South Korea’s president vows not to tolerate walkouts by junior doctors

SEOUL, South Korea (AP) — South Korea’s president vowed Wednesday not to tolerate the situation prolonged strikes by thousands of doctors in trainingThey call them “an illegal collective action” that threatens public health and undermines the country’s governance systems.

President Yoon Suk Yeol’s government was engaged in this process suspending the licenses of approximately 9,000 medical interns and residents due to their joint strikes that have impacted the capacity of hospitals to provide care.

The trainee doctors have been on strike for more than two weeks in protest against government pressure to admit thousands more new students to medical schools in the coming years. Officials say the enrollment plan is essential to cope with the country’s rapidly aging population, but doctors say schools cannot handle such an abrupt, sharp increase in students, and that this will ultimately affect the quality of medical services of South Korea would undermine.

“The doctors’ collective action is an act that betrays their responsibilities and shakes the foundation of liberalism and constitutionalism,” Yoon said in a televised speech at the start of a cabinet meeting. “An illegal action that infringes on people’s right to life will never be tolerated.”

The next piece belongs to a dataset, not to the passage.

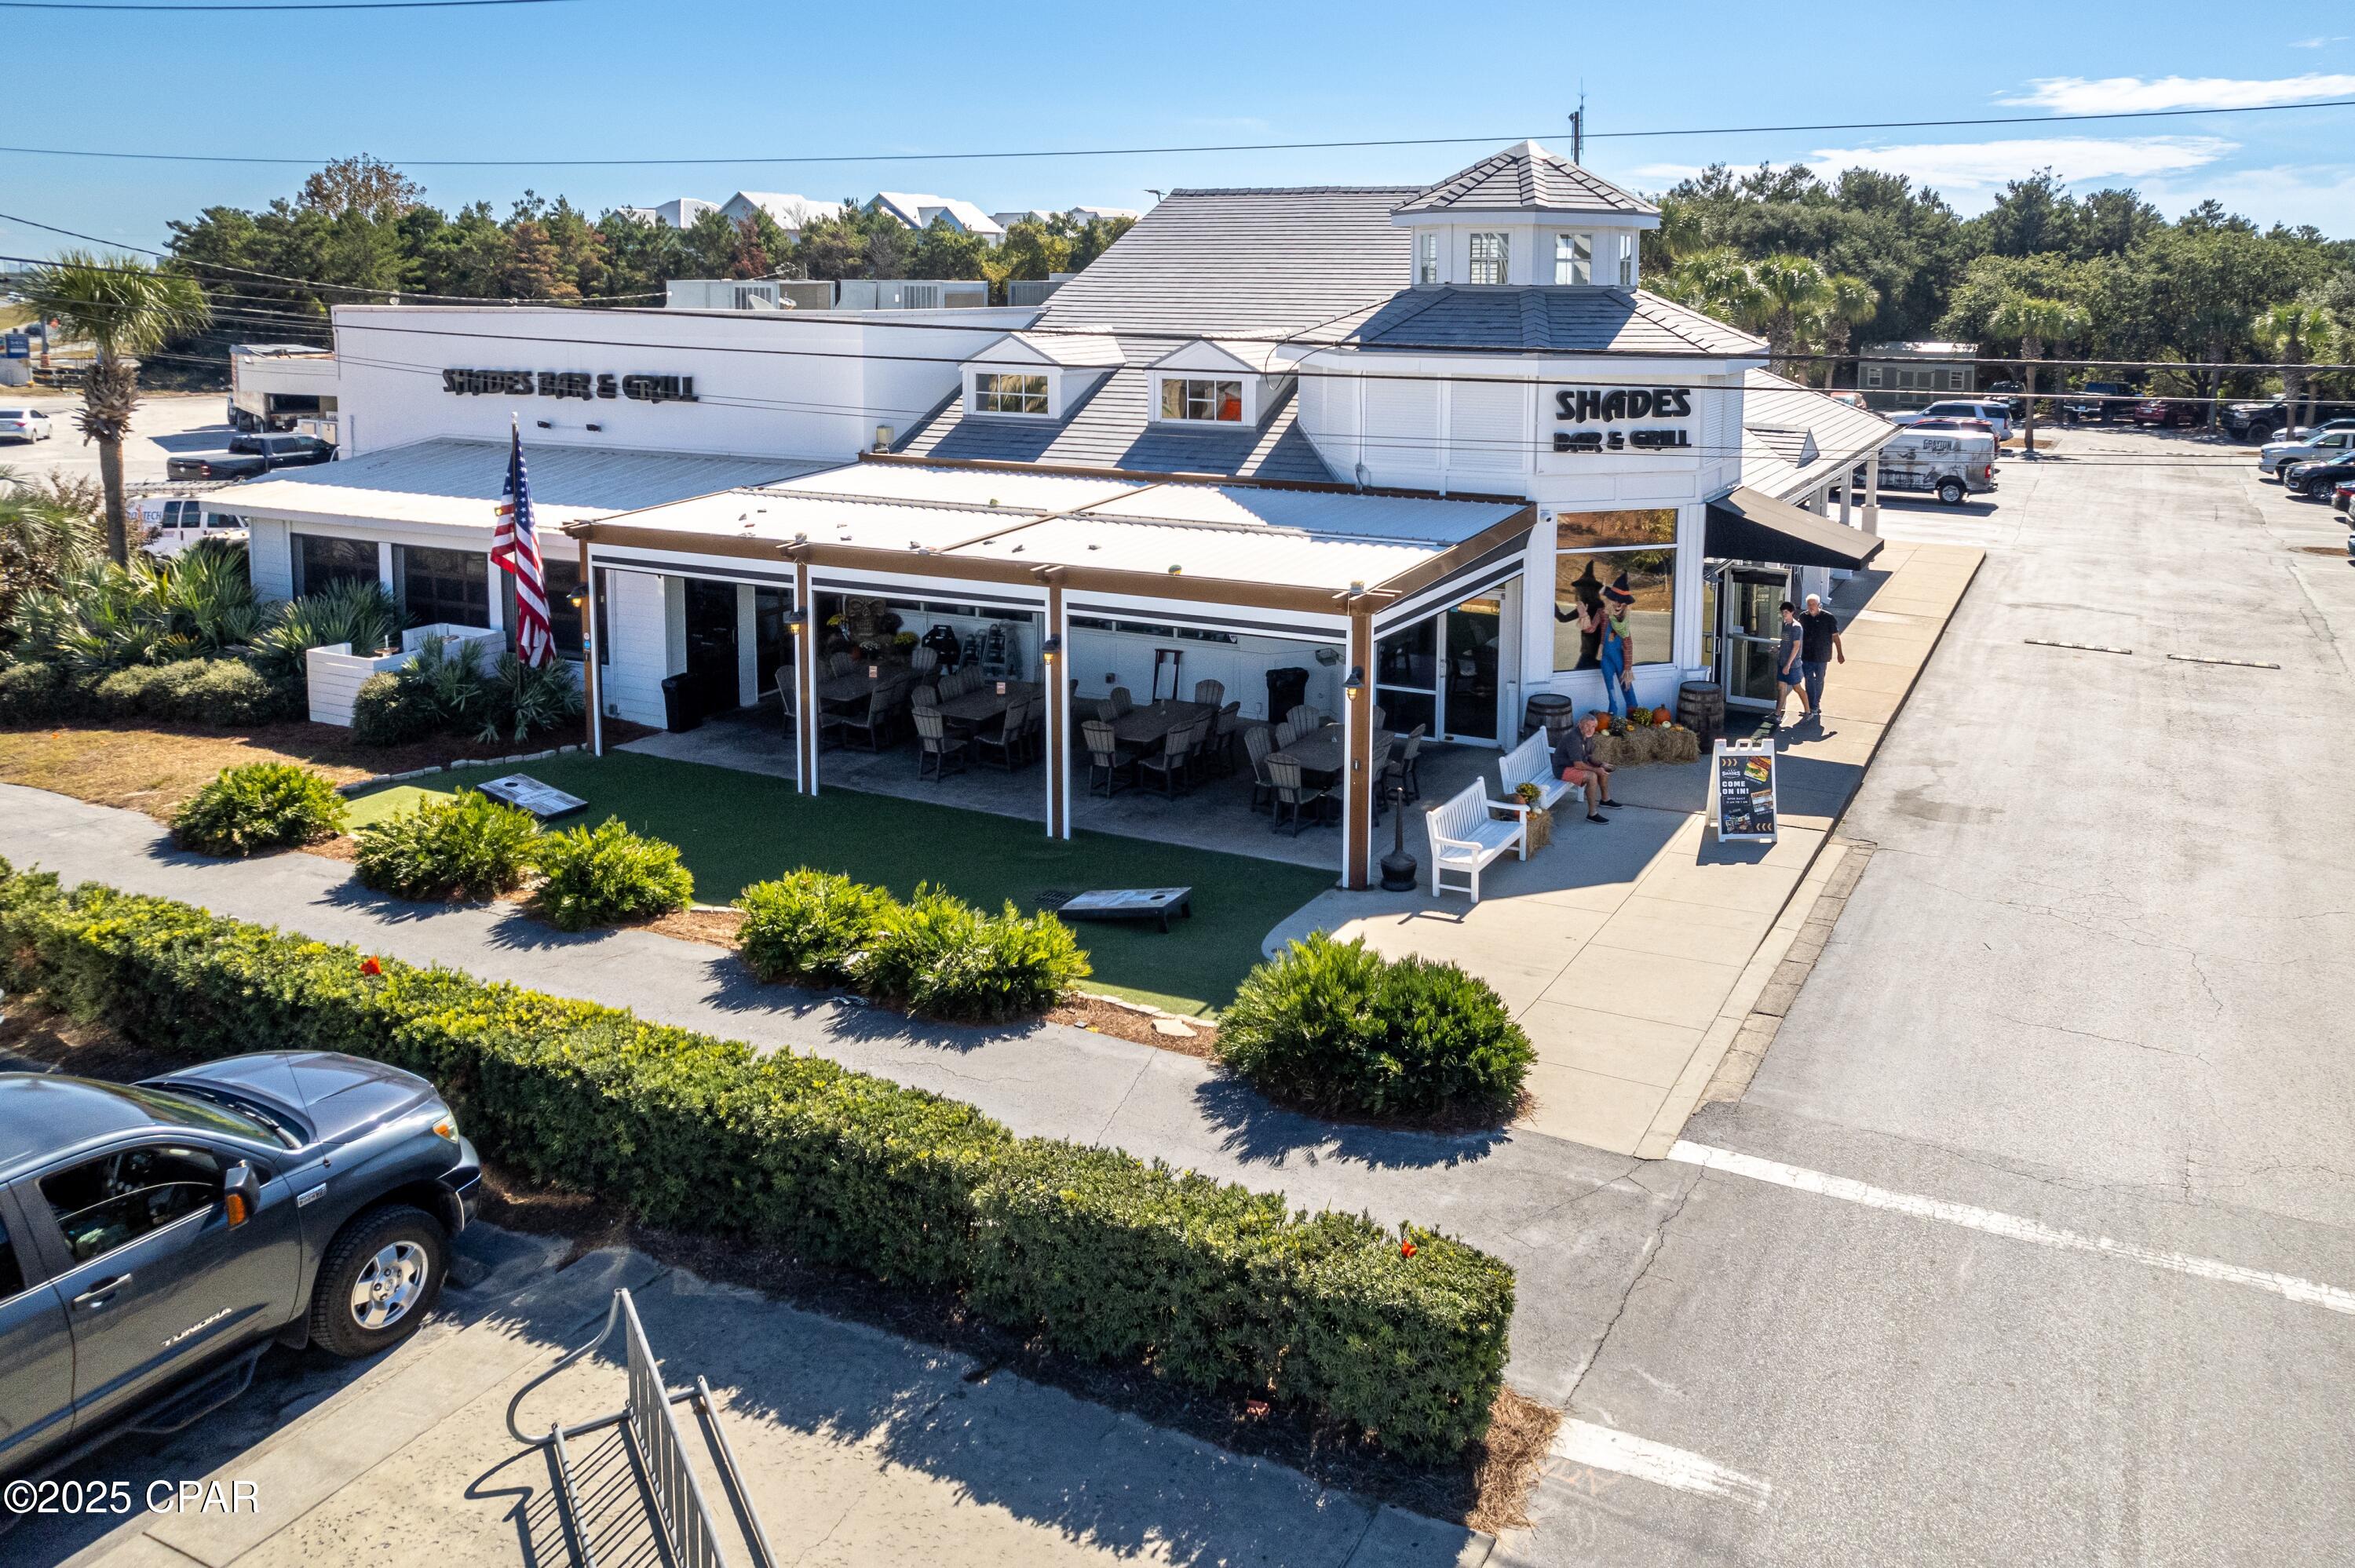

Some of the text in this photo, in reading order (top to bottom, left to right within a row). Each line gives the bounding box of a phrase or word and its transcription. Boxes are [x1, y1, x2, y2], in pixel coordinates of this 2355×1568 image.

Yoon’s government did the striking doctors repeatedly called out to return to work or face charges and suspensions of at least three months. But most strikers lacked a seat in government Deadline February 29 for their return.

Under South Korea’s medical law, doctors who defy the order to return to work can be punished with up to three years in prison or a fine of 30 million won (about $22,500), as well as a suspension of their medical license until a year. Those who receive prison sentences may have their licenses revoked.

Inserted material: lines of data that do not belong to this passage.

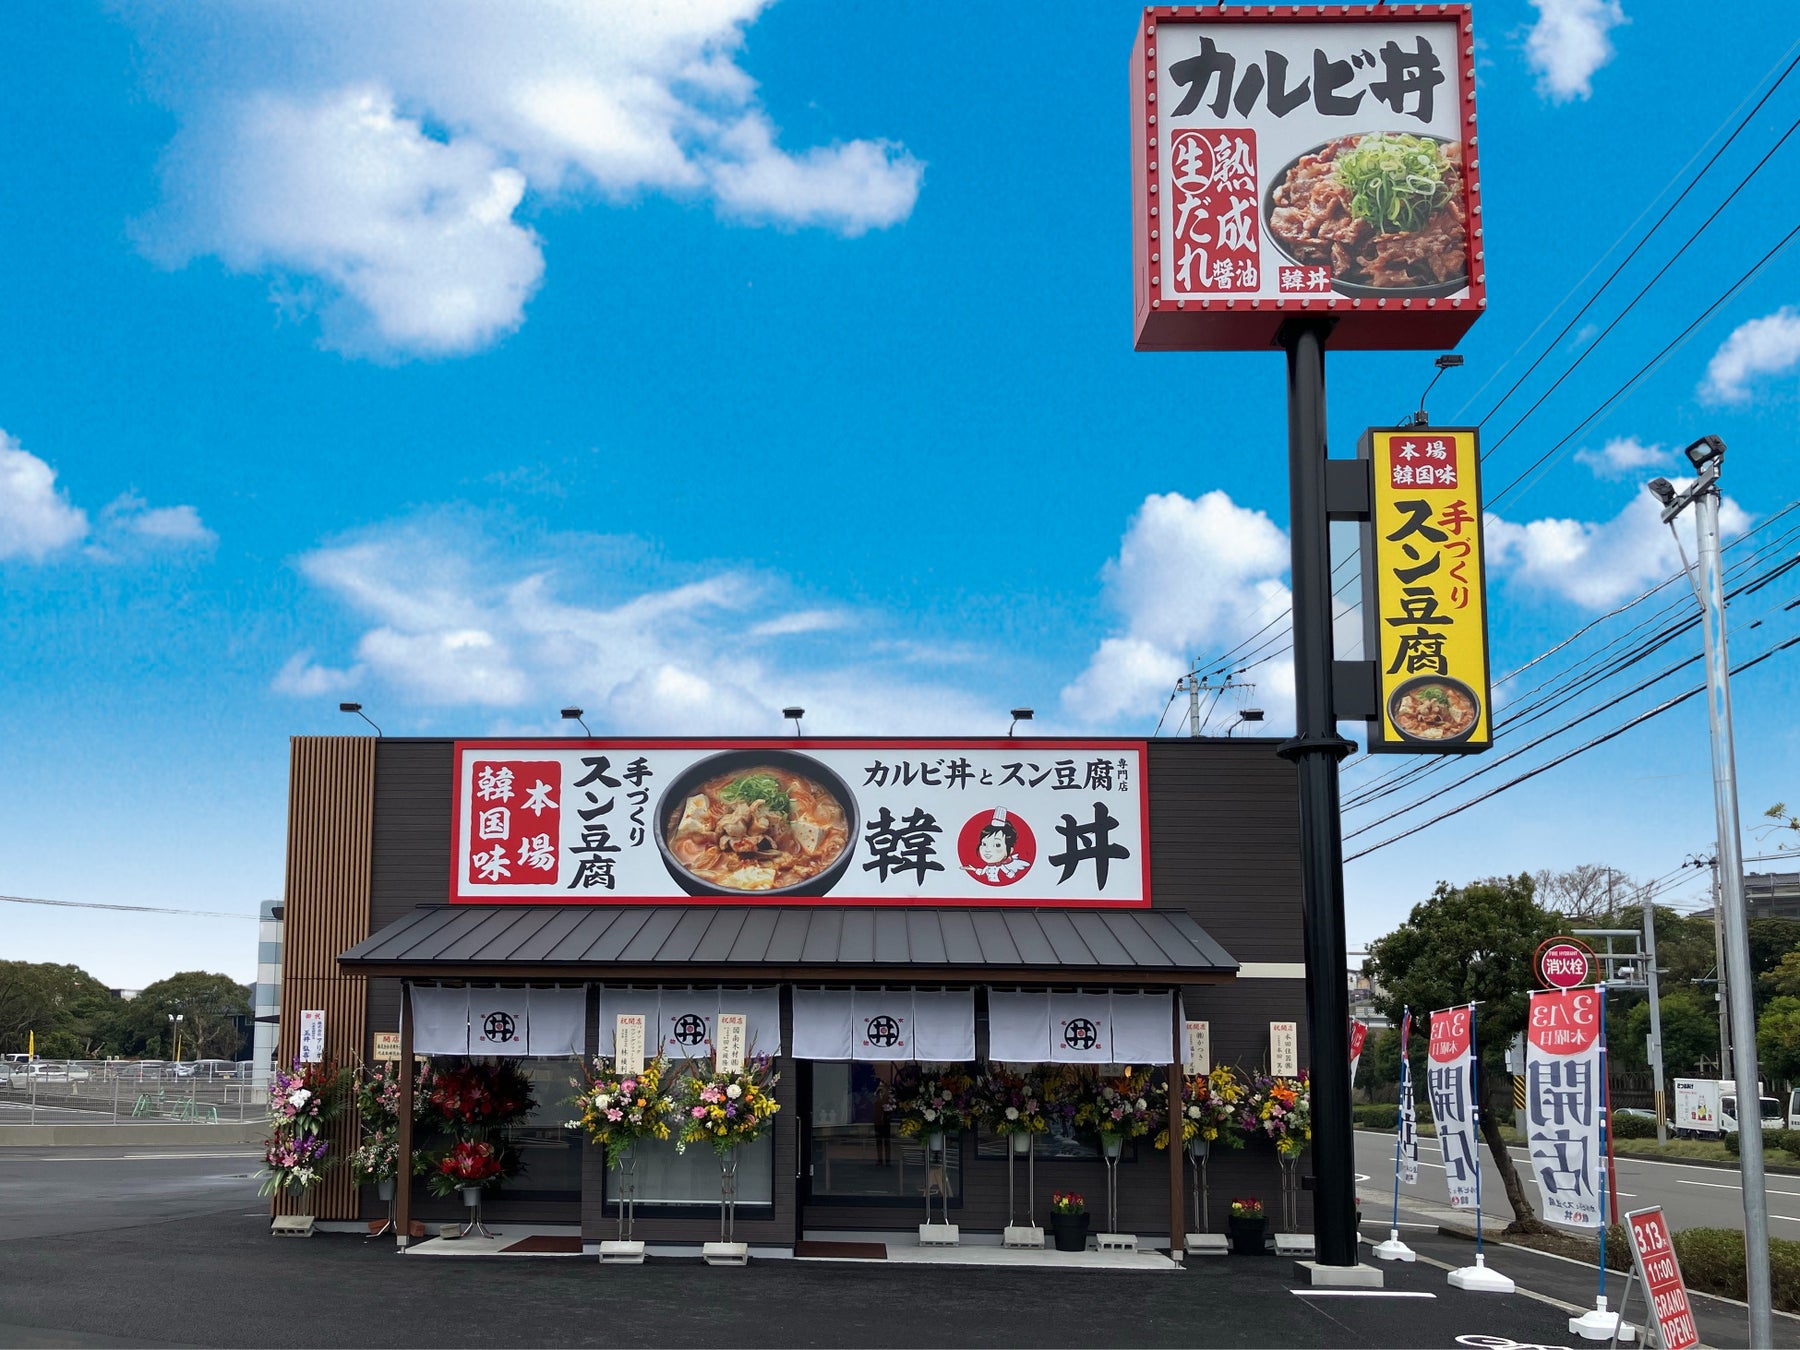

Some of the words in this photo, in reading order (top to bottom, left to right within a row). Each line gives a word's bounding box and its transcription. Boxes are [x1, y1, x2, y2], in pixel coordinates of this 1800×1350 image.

[1168, 35, 1446, 124] カルビ丼
[1174, 135, 1213, 291] 生だれ
[1213, 134, 1257, 252] 熟成
[1213, 259, 1258, 290] 醤油
[1281, 268, 1331, 292] 韓丼
[1392, 464, 1457, 485] 韓国味
[1400, 441, 1447, 461] 本場
[1437, 499, 1475, 610] 手づくり
[1385, 499, 1454, 676] スン豆腐
[622, 757, 653, 848] 手づくり
[862, 757, 1114, 791] カルビ丼とスン豆腐
[1117, 758, 1129, 792] 専門店
[472, 765, 515, 882] 韓国味
[517, 779, 560, 871] 本場
[567, 755, 622, 890] スン豆腐
[862, 806, 945, 887] 韓
[1048, 801, 1131, 891] 丼
[1546, 958, 1583, 974] 消火栓
[1648, 1258, 1674, 1283] 11:00
[1655, 1288, 1685, 1320] GRAND
[1662, 1313, 1694, 1349] OPEN!

As of Monday, the Ministry of Health started the administrative steps to suspend the strikers’ permits: sending officials to hospitals to formally confirm their absence and sending notices to the strikers about their planned suspensions. The ministry had to give them a chance to respond before their suspensions take effect.

Observers say the ministry will likely end up suspending the strike leaders, rather than the entire group of the 9,000 doctors who have resigned – a huge administrative task that will likely take weeks or more.

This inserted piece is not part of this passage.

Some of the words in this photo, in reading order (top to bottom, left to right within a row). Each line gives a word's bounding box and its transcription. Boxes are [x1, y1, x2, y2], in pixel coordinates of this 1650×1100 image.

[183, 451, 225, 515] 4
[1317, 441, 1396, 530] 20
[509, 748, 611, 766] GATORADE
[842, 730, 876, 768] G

Deputy Health Minister Park Min-soo told reporters on Tuesday that the government plans to file complaints against strike leaders to also subject them to police investigation. But he said officials have not yet determined when they would do that and against whom.

The notable residents and interns represent only about 6.5% of the country’s 140,000 physicians. But in some large hospitals they represent about 30% to 40% of the total number of doctors and played the role of assisting senior doctors during operations and dealing with inpatients during training. Their strikes have subsequently led to hundreds of canceled surgeries and other treatments in their hospitals and placed a heavy burden on South Korea’s medical service.

The public is largely opposed to the doctors’ strikes, and surveys show Yoon’s approval ratings are rising due to his push for the medical school enrollment plan. A poll showed that a majority of South Koreans supported the enrollment plan.

Health officials have said treatment of emergency and critical patients remains largely stable, with public hospitals extending operating hours and military hospitals opening emergency rooms to the public. But if senior doctors were to join the strikes, South Korea’s medical service would take a major hit.

The Korean Medical Association, which represents doctors in South Korea, has expressed support for the striking trainee doctors but has not yet decided whether to join the strikes.

Police were investigating allegations that five senior KMA officials had instigated and promoted the junior doctors’ strikes, and said they had summoned one of them on Wednesday. Speaking to reporters ahead of his interrogation, Joo Sooho, a spokesperson for the KMA’s emergency committee, denied the allegations.

Currently there is a limit of 3,058 medical students per year. The The government wants to add 2,000 additional medical students starting in 2025, citing South Korea’s doctor-to-population ratio, which it says is one of the lowest in the developed world.

But doctors say the plan cannot address the chronic shortage of doctors in rural areas and in essential but low-paying specialties, because newly recruited students would also want to work in the capital region and in high-paying fields such as plastic surgery and dermatology.

The striking trainee doctors have accused the government of ignoring harsh conditions, working more than 80 hours a week for minimum wage. But post-residential physicians are among the highest paid professionals in South Korea.

Some critics say the strikers are simply concerned that the added competition from more doctors would lead to lower incomes in the future.